| DIRECTIONS |
Reproduce word for word the line that contains "this 1600×900 image." and every line after it to the end of the records, with nothing else added.

[Free-text object descriptions]
________________________

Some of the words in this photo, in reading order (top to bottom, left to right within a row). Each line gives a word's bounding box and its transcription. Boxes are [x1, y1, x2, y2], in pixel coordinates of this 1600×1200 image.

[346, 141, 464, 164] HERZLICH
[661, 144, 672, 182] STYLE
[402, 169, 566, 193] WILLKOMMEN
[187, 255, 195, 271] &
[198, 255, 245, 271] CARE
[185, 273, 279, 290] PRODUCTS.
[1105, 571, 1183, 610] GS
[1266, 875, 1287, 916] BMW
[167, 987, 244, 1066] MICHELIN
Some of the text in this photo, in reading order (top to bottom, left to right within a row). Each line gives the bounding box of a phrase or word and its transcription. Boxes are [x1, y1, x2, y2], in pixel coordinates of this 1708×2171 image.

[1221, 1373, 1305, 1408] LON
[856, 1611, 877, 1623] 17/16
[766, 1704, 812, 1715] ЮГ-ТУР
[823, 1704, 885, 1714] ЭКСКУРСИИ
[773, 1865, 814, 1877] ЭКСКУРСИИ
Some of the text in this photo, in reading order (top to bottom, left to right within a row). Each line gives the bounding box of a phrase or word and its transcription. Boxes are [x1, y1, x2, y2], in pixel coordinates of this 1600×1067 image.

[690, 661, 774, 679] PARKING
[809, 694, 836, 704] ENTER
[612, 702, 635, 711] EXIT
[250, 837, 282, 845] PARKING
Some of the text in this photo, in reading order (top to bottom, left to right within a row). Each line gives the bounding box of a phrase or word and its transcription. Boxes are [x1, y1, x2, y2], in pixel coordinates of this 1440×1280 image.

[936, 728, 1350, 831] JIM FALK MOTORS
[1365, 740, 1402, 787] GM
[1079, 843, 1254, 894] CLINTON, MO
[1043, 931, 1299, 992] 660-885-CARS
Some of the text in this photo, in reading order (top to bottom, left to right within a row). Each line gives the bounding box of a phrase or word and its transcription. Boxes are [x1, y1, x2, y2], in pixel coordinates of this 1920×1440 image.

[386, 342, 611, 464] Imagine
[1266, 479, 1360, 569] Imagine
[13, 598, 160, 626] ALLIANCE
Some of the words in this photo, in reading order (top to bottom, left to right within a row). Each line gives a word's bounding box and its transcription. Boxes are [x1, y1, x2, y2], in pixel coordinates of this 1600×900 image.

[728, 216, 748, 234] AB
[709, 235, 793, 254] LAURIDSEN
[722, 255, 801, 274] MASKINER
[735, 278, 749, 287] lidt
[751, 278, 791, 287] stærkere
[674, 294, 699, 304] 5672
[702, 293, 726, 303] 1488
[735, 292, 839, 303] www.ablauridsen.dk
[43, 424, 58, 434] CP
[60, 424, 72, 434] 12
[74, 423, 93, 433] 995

________________________

| RESULT |
Some of the words in this photo, in reading order (top to bottom, left to right within a row). Each line gives a word's bounding box and its transcription. Boxes are [x1, y1, x2, y2], in pixel coordinates of this 1600×900 image.

[728, 216, 748, 234] AB
[709, 235, 793, 254] LAURIDSEN
[722, 255, 801, 274] MASKINER
[735, 278, 749, 287] lidt
[751, 278, 791, 287] stærkere
[674, 294, 699, 304] 5672
[702, 293, 726, 303] 1488
[735, 292, 839, 303] www.ablauridsen.dk
[43, 424, 58, 434] CP
[60, 424, 72, 434] 12
[74, 423, 93, 433] 995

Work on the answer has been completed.